J’imagine ses monstrueux nougats baignant dans cette matière visqueuse. Un lent frisson me parcourt, depuis le gros côlon jusqu’au delirium très mince.

Voyant ma stupeur, ne la comprenant pas, la réprouvant, voulant la détruire, il cherche ce que, dans les milieux motorisés, on appelle un argument massue.

Et il le trouve.

— Les sardines sont bien dans l’huile, San-A. ! C’est ce qui les rend bonnes à bouffer !

Je reconnais que ni Archimède, ni Pythagore, ni Einstein, ni Galilée, ni Pascal (Blaise), ni Pierre Bellemare n’auraient trouvé ça.

Anéanti par tant de pertinence, je franchis les ultimes mètres me séparant du stade. Des clameurs s’élèvent du vaste enclos.

— Ça a l’air de carburer ! se réjouit mon petit camarade.

Nous sommes pris dans un flot de vaillants boy-scouts aux jambes sales qui déferlent sur le stade en chantant l’hymne bien connu : Tu repasseras s’il n’y a personne, ô mon pays bien-aimé.

Galvanisé par les « Toujours-Prêts », le Gros se met à marcher au pas. Et c’est de cette allure cadencée, militaire et à l’huile que nous arrivons dans l’enceinte ultra-moderne de Colombes.

Une placeuse se consacre alors à une délicate opération : elle nous place. Moyennant nos deux papiers aussi chiffonnés que le traité de Versailles, nous avons droit à deux places grand luxe, capitonnées au ciment prompt avec vue sur le terrain.

Le match des futurs anciens espoirs s’achève, aux dires de nos voisins de délire.
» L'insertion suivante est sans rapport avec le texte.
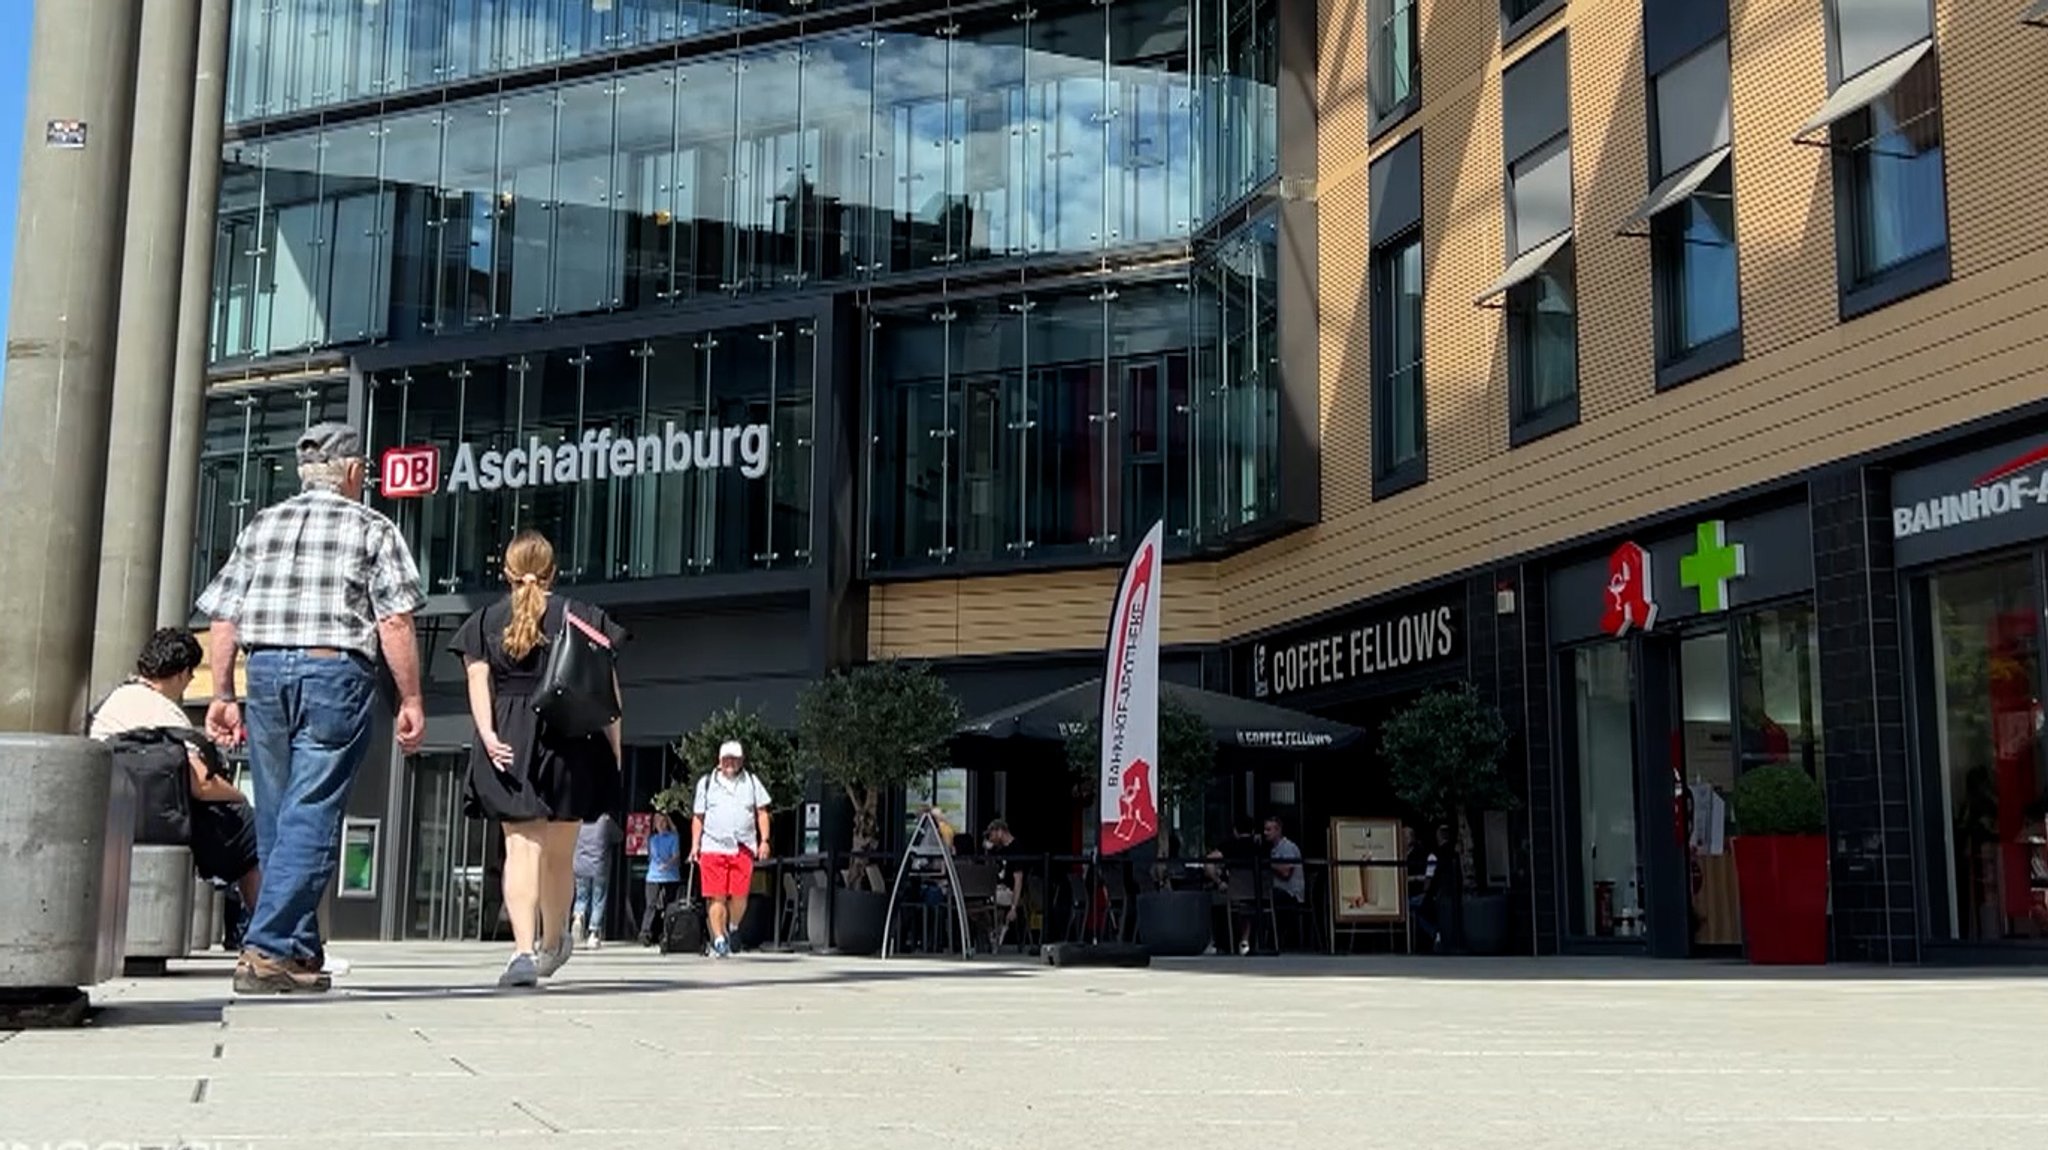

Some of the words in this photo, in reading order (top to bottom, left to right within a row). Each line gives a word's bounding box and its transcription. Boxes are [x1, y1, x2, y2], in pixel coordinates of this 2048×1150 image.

[388, 454, 432, 490] DB
[447, 421, 770, 492] Aschaffenburg
[1274, 636, 1344, 694] COFFEE
[1351, 606, 1451, 676] FELLOWS
[1108, 602, 1141, 787] BAHNHOF-APOTHEKE
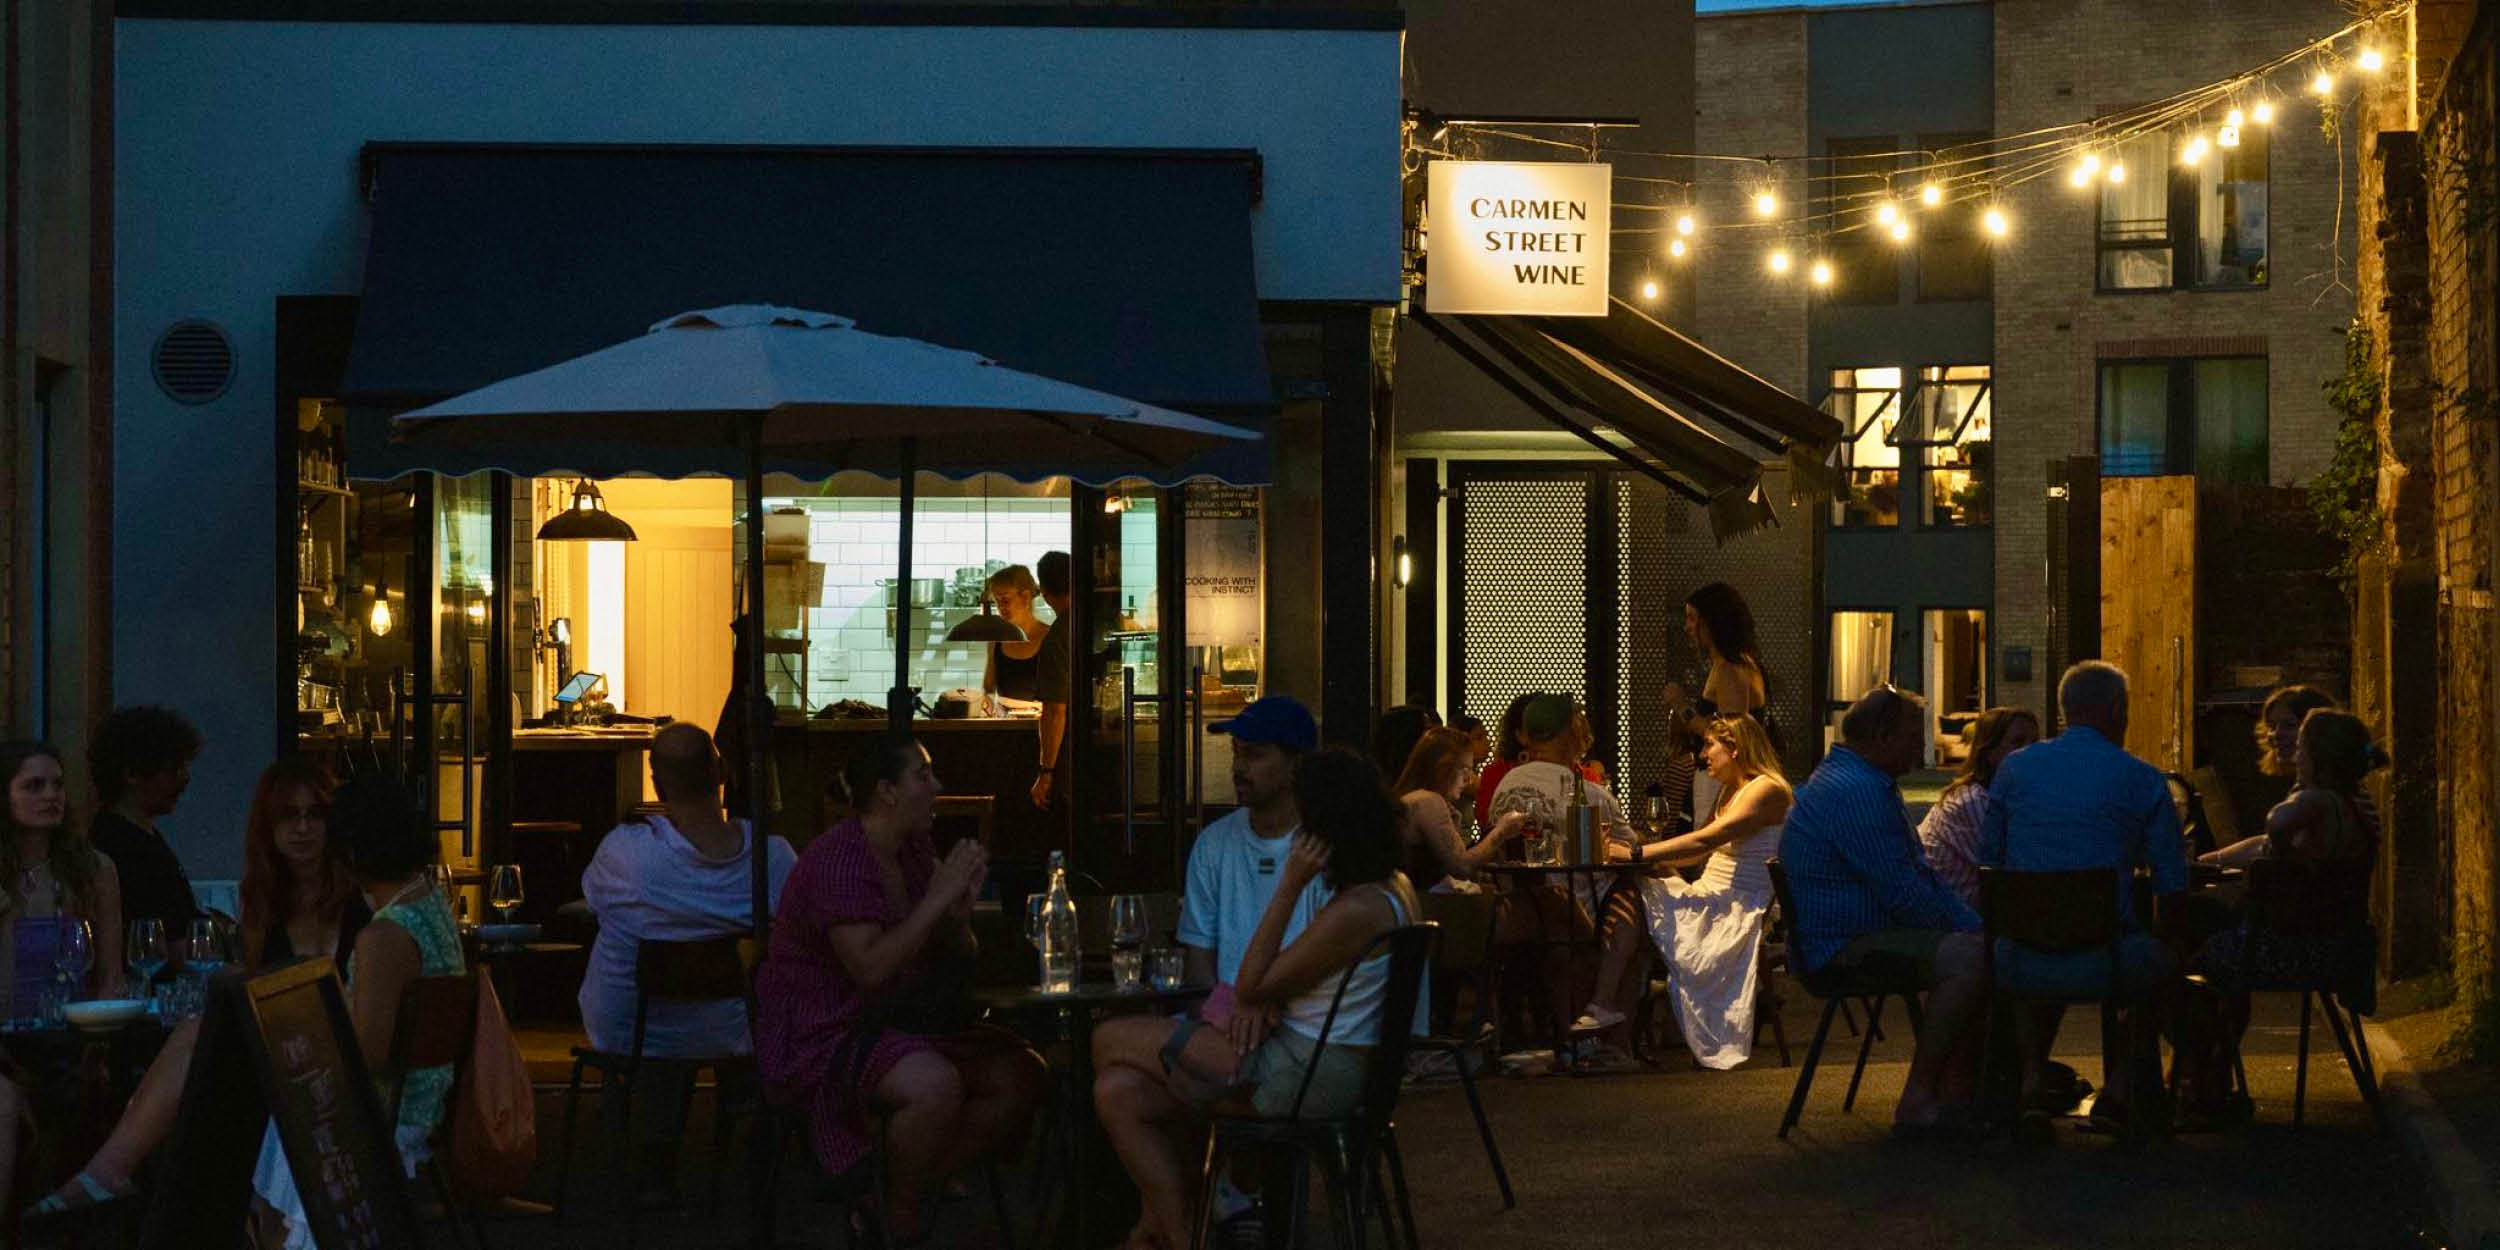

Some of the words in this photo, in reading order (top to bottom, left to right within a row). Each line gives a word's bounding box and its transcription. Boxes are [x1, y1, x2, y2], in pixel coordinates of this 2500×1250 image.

[1471, 198, 1586, 220] CARMEN
[1486, 231, 1586, 253] STREET
[1514, 264, 1585, 285] WINE
[1185, 576, 1229, 585] COOKING
[1231, 576, 1256, 585] WITH
[1211, 585, 1255, 593] INSTINCT
Le score est de 987 à 2, l’équipe des Gueules noires paraissant dominer celle des Gueules de raie. L’avant-centre du milieu qui joue entre les ailiers marque encore 62 buts pendant les huit dernières minutes et un arbitre offert par Lipp siffle la fin du match avant d’aller siffler un demi-pression au bar.

Le stade est archi-plein. Dans la tribune officielle, l’ambassadeur d’Eczéma, ceint du grand cordon de chanvre de l’ordre de la Conciergerie[1], voisine avec le secrétaire principal du secrétaire adjoint au vice-sous-secrétaire d’État délégué au secrétariat des Sports.

Soudain, ovation : les deux équipes font leur entrée sur le terrain.

L’équipe de France porte le maillot de l’équipe de France et, fait unique dans les annales, celle d’Eczéma porte le maillot de l’équipe d’Eczéma. Pour les non-initiés, je crois bon d’en rappeler les couleurs : culotte rose à bande rose, maillot cerclé rose et rose. Les Eczémateux sont de solides gaillards qui se caractérisent par des vésicules, une sécrétion séreuse et une desquamation, c’est vous dire !

Aussitôt, la Musique des Sourds-Muets de Bagnolet attaque les hymnes nationaux. Honneur aux visiteurs ! On commence par l’hymne eczéma : le Tegratt Passa Sinfecte, dont la traduction française ne nous est pas encore parvenue à l’heure où nous mettons sous presse.

Les hymnes interprétés, Bérurier ôte sa botte gauche. C’est dire que le spectacle commence dans les tribunes ! Lesieur vous l’offre ! Des pieds béruriens à l’huile, ça vaut son pesant de mayonnaise !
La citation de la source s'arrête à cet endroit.